The shifting emphasis in genetics from single genes to gene interactions and networks was well illustrated at the recent 'Quantitative Genetics and Genomics' Gordon Conference. The organizers, Steve Knapp and Bruce Walsh, brought together researchers with wide-ranging interests — from statistical and population genetics, to human disease and plant breeding. Participants were left in no doubt that understanding the genetic basis of polygenic traits is a realizable goal.

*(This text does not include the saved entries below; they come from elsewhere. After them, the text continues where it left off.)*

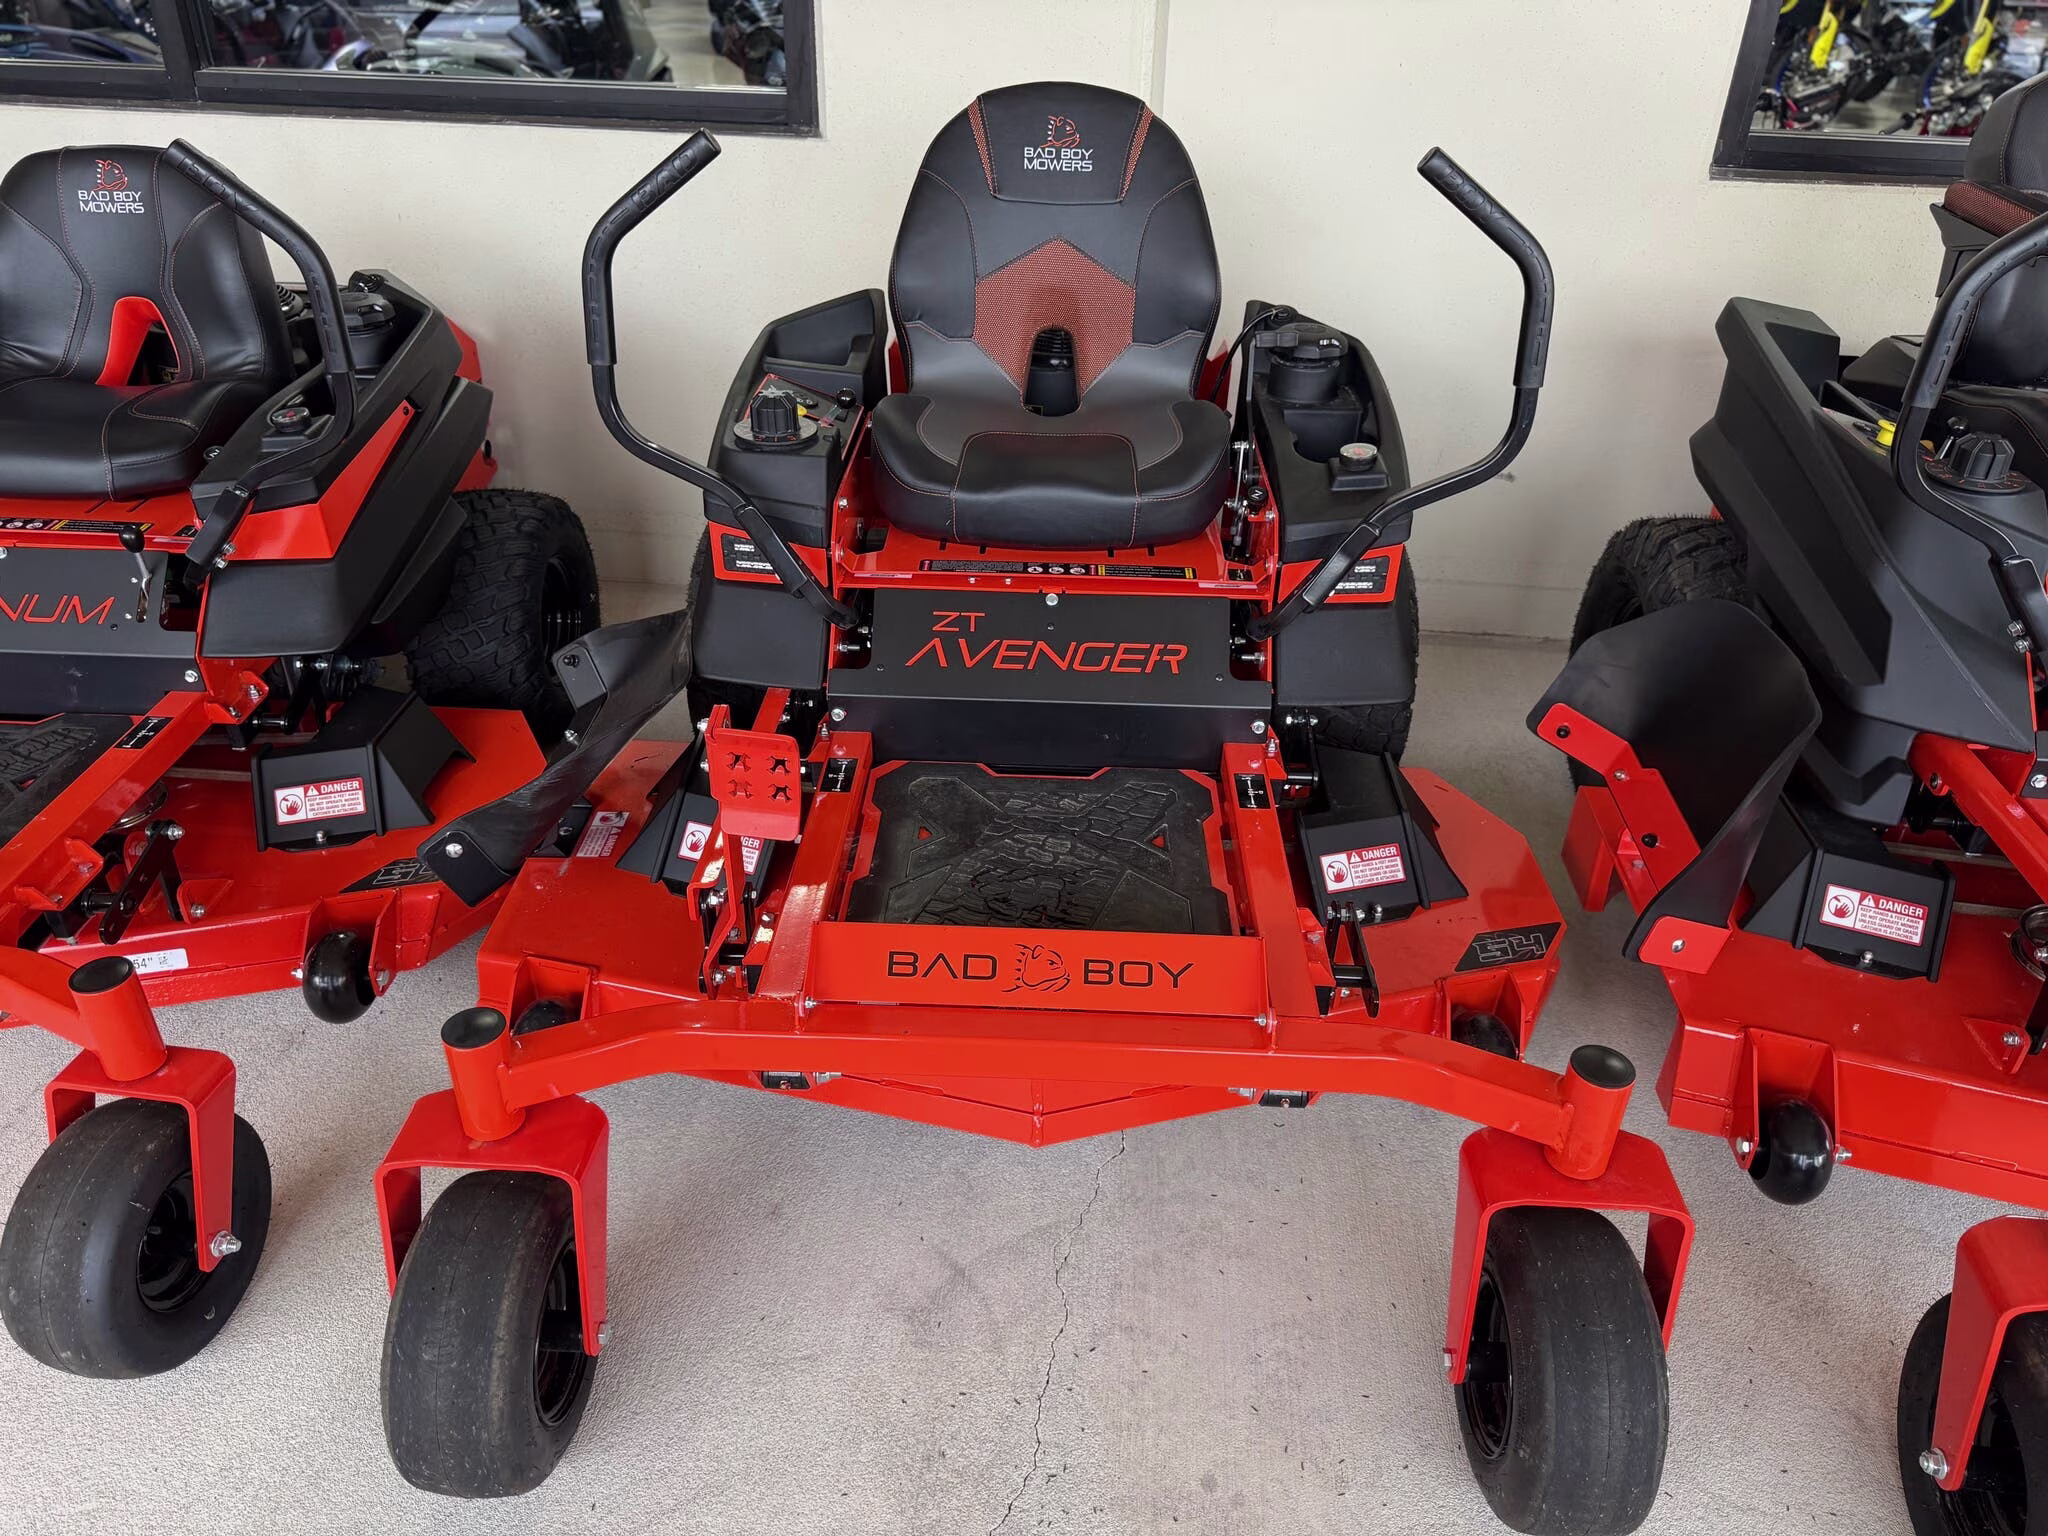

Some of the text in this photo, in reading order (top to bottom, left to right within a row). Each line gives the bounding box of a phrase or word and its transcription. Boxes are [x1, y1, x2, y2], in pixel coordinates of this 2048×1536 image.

[1024, 147, 1093, 160] BAD BOY
[1024, 158, 1093, 172] MOWERS
[78, 190, 142, 202] BAD BOY
[79, 201, 145, 214] MOWERS
[932, 611, 985, 632] ZT
[905, 637, 1188, 674] AVENGER
[320, 781, 360, 794] DANGER
[1361, 846, 1397, 860] DANGER
[1878, 898, 1923, 918] DANGER
[1472, 933, 1546, 962] 54
[887, 950, 1194, 989] BAD BOY
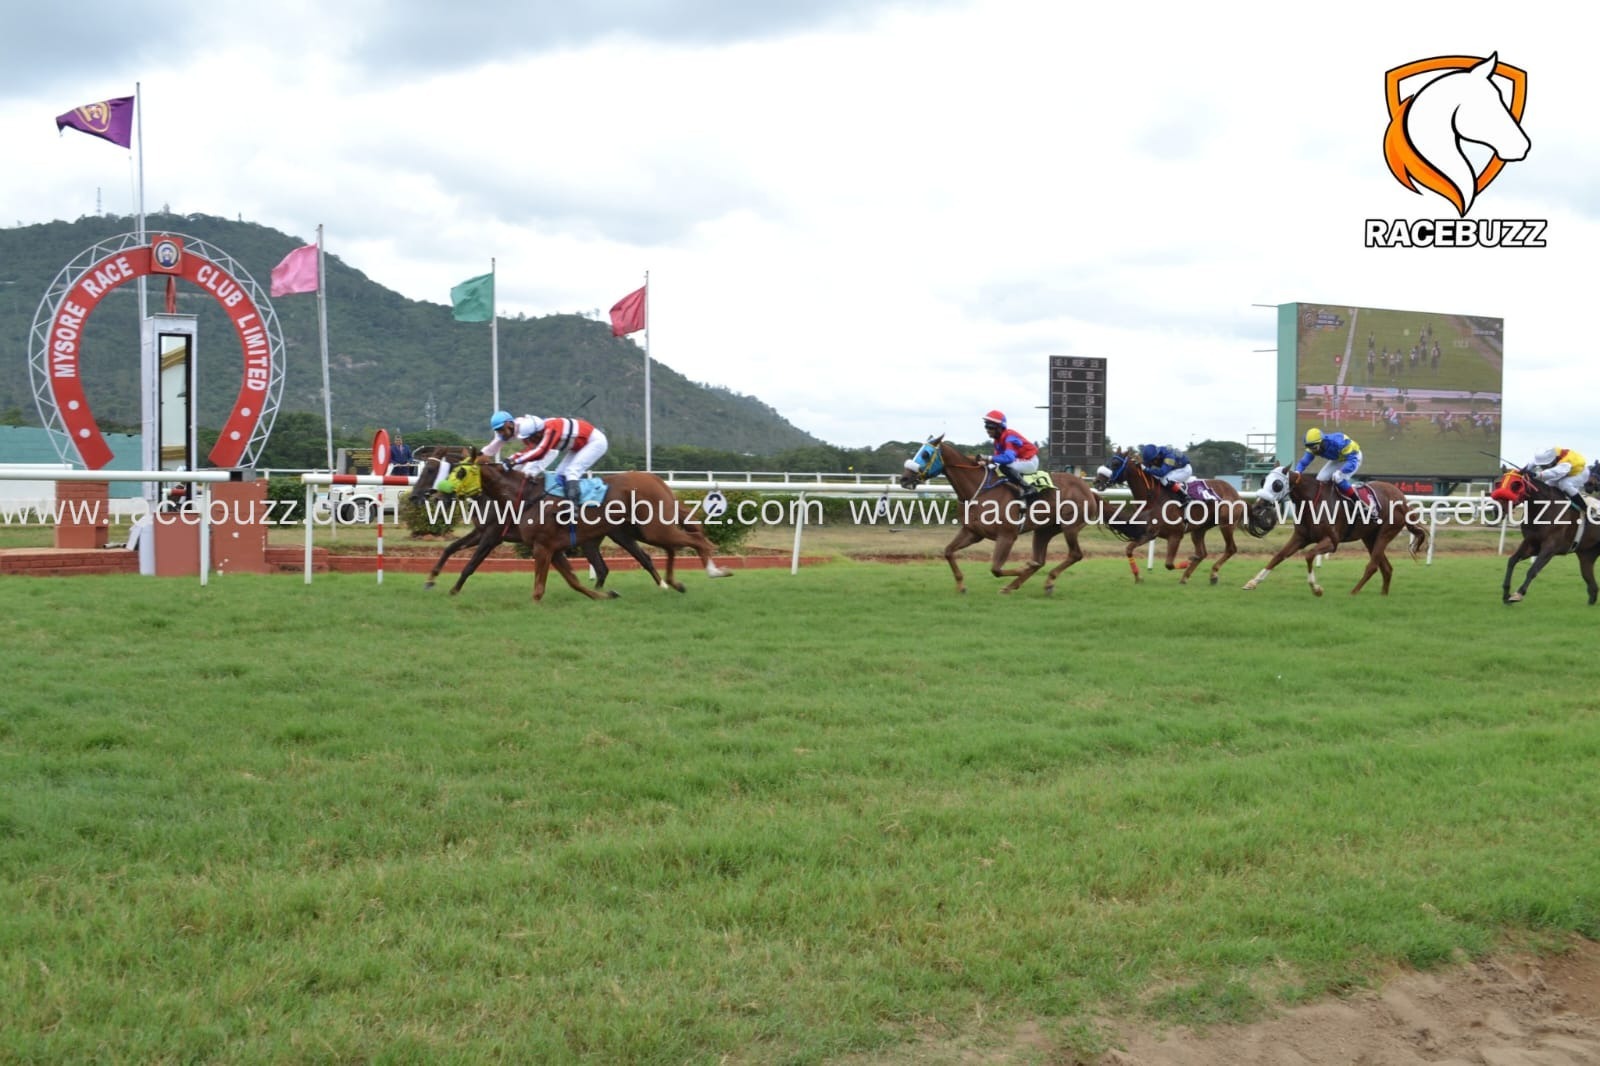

Some of the challenges that face studies into polygenic disease are illustrated in our lead review this month, although the focus is a 'classic monogenic' human disorder — β-thalassaemia. To study the striking phenotypic variation in this disorder, David Weatherall emphasizes the importance of understanding disease pathophysiology. The work also shows how the distinction between polygenic and monogenic disorders is beginning to blur. Another challenge for polygenic disease research concerns the requirement for huge sample sizes. Practical difficulties aside, sample collections and databases on this scale raise new concerns about privacy and potential harms to individuals. Ruth Chadwick and Kåre Berg provide an ethical perspective on ways to address these concerns.

The most complete genetic inventories for specific processes or phenotypes are available in model systems — innate immunity in Drosophila, as reviewed by Deborah Kimbrell and Bruce Beutler, is a case in point. However, even when a process can be described in exquisite biochemical detail, such as for small, gene regulatory networks in Escherichia coli, its description is still incomplete. Jim Collins and colleagues show how computational modelling can help. Models of natural and synthetic prokaryotic genetic networks can complement experimental work, and indicate new avenues for research — a glimpse of what's to come for higher systems.